Фигура субтильной, несколько жеманной мадемуазель Лораисен никак не подходила к этим мужским посиделкам, но оказалось, что при нужде мадемуазель Лорансен может с успехом отбрить молодого парня, а в нормандских и парижских песенках, которых она знает бессчетное число и которые любит петь своим мелодичным высоким голосом, отнюдь не опускает куплеты пикантного содержания. И все же, когда Мари наконец обрежет свои косы и начнет одеваться с женским, изысканным и несколько экстравагантным шиком, все облегченно вздохнут опиум, разгульные попойки и атмосфера мастерских, где в беспорядке перемешаны различные части гардероба, с трудом выносят присутствие этой девицы с внешностью подростка.

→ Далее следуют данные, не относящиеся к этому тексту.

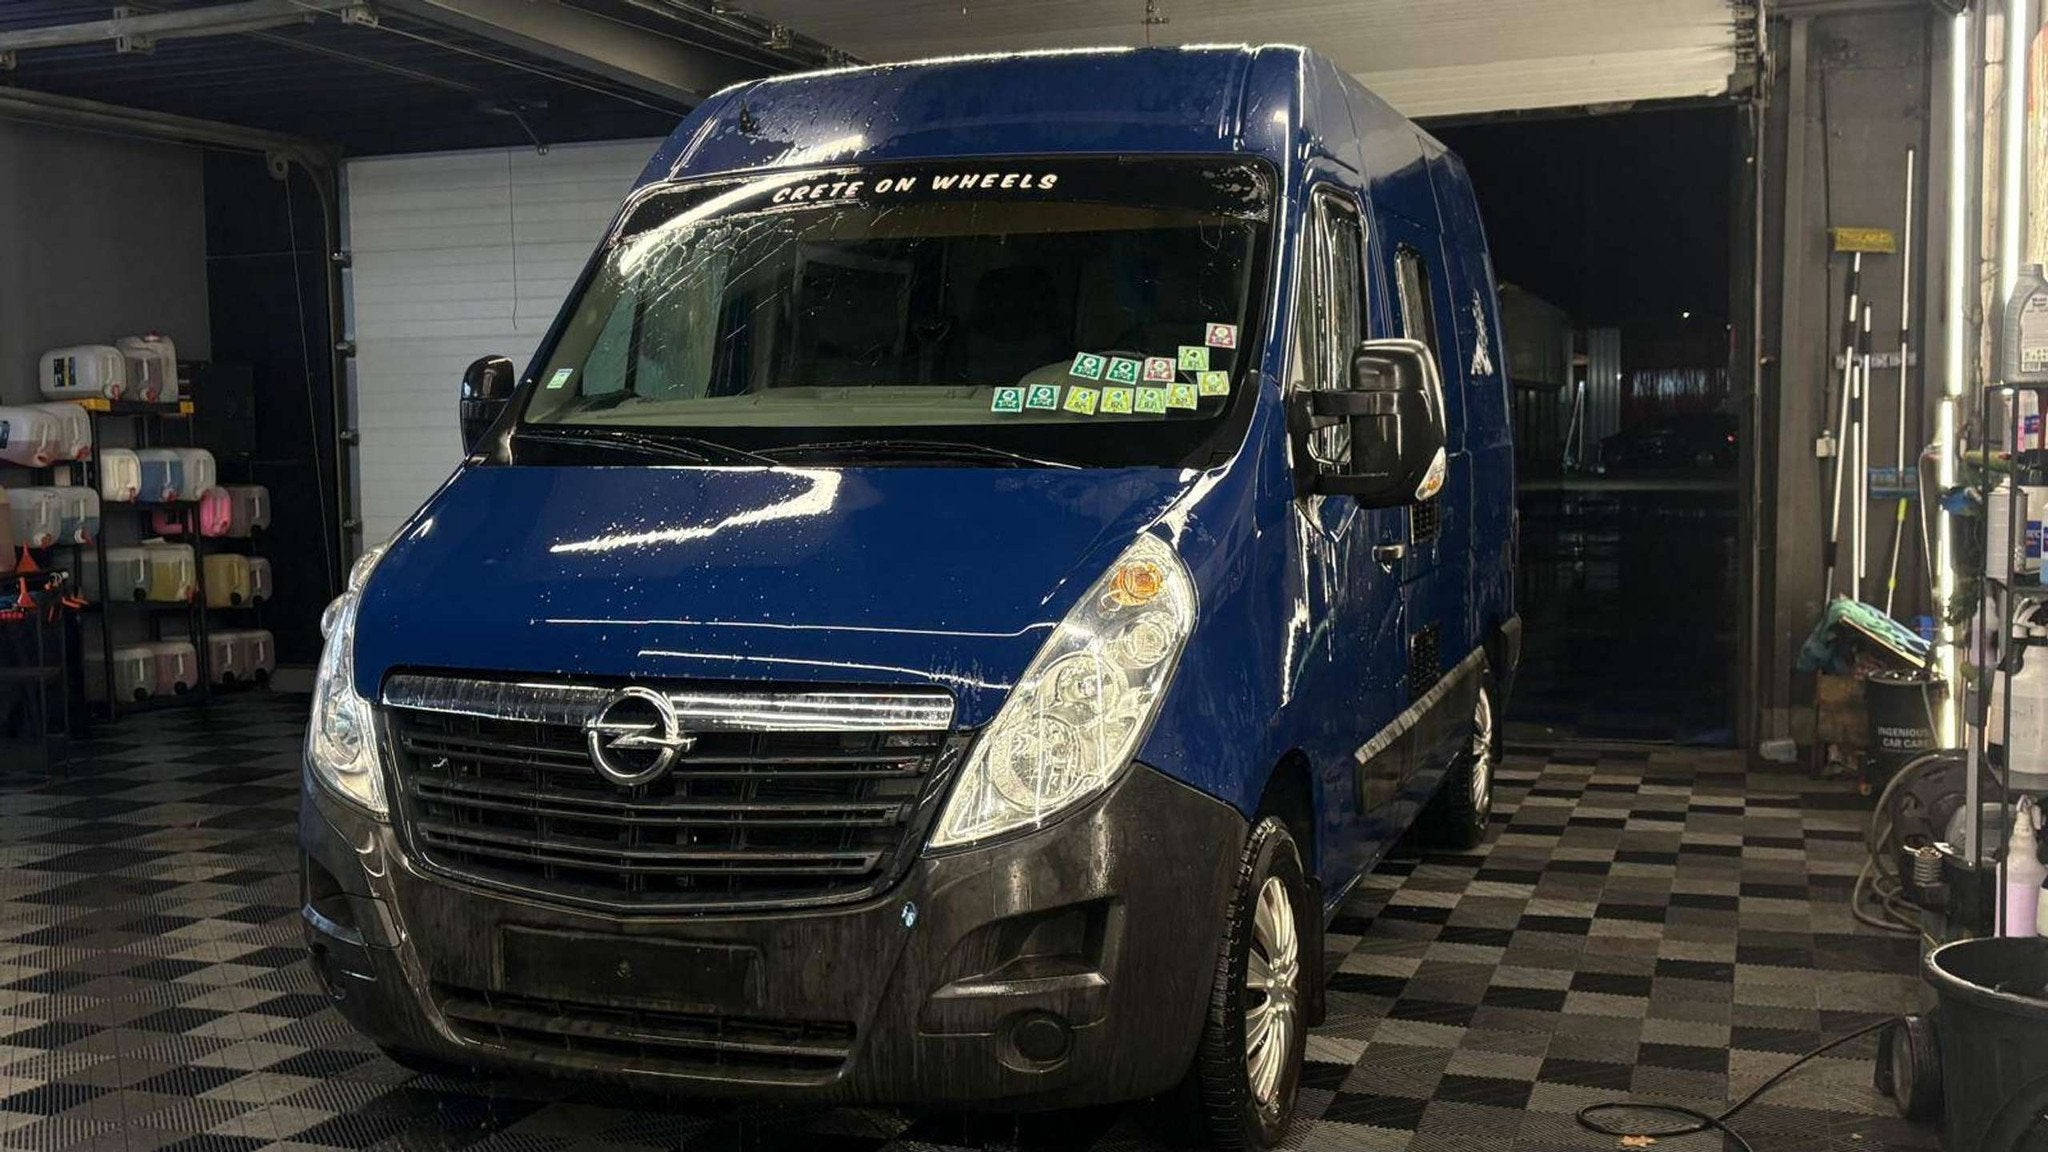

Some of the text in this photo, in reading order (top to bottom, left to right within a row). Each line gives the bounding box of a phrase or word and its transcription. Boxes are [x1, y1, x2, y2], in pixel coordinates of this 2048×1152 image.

Но Мари дозревает теперь так быстро. Как дозревают в тепле любви интеллигентные девушки севера, знающие о любви все, что можно узнать из рассказов и литературы задолго до того, как о ней узнает сердце: выбор их благодаря этому более сознателен, любопытство более заостренно, ненависть за нарушение обещаний тем более сильнее. Мари не удовлетворяется тем, что есть, и борется за свои права, как дикий звереныш, тут особую роль играет самолюбие, в чем она не уступает Аполлинеру. Бурные сцены, которые происходят между нею и Гийомом, вся категоричность и властолюбие которого доходят здесь до предела, кончаются бурными стычками. Маленькое смуглое личико Мари темнеет от гнева еще больше, девушка кидается на него с кулаками и колотит по мощной груди Гийома, который, меча из глаз искры и тяжело дыша, призывает ее опомниться. Но бывает и иначе. Во время спокойных вечеров под домашним кровом Мари кротко сидит подле Гийома, когда тот, скинув пиджак, заканчивает свой фельетон в «Энтрансижан», помогает ему готовить ужин, иногда переписывает стихи. Именно они являются тем благом, которое она любит в Гийоме безо всяких оговорок. От грусти, зыблющейся в строфах возлюбленного, тревожно перехватывает горло, становится больно и возникают недобрые предчувствия. Но она не умеет долго грустить, уже через минуту щегленком прыгает комнате и смеется. Она отлично знает, что ее шуточки, время от времени бросаемые Гийому, сгоняют с его лица самую суровую мину, проясняют его и наполняют это простодушное тяжелое тело счастьем. Зная его мужское тщеславие, она одевается для него в платья, выбранные с безошибочным вкусом женщины и художницы, летом она раскрашивает мелкими цветочками свои вуальки, ради которых носит большие пастушеские шляпы с букетами, зимой одевается в шерстяные костюмы, туго обтягивающие ее осиную талию. Красится она смело, и от этого глаза ее приобретают женское тепло, сквозь которое пробивается искра острого ума; легкое косоглазие придает ей только обаяние, а близорукость делает ее движения более округлыми, мягкими. Она сохраняет некоторые инфантильные привычки, которыми так пленила некогда Аполлинера, и можно предполагать, что делает это умышленно: она не расстается с детской скакалкой и прыгает через нее ловко, как танцовщица. Простившись мирно с Аполлинером, она сбегает по лестнице условным образом, делает внизу три прыжка, а потом еще два, что должно означать:
«До свидания, до завтра». Влюбленный Аполлинер с восторгом опишет это в одном из писем к знакомой, а потом в жестоком и полном страдания рассказе о его любви к Мари, который войдет в книгу «Убийство поэта». Но пока что любовь длится, только съеживается и расслабляется, как пульсирующее, живая, бурная, все еще ищущая новых надежд. И так будет еще несколько лет, так стоит ли предвосхищать события?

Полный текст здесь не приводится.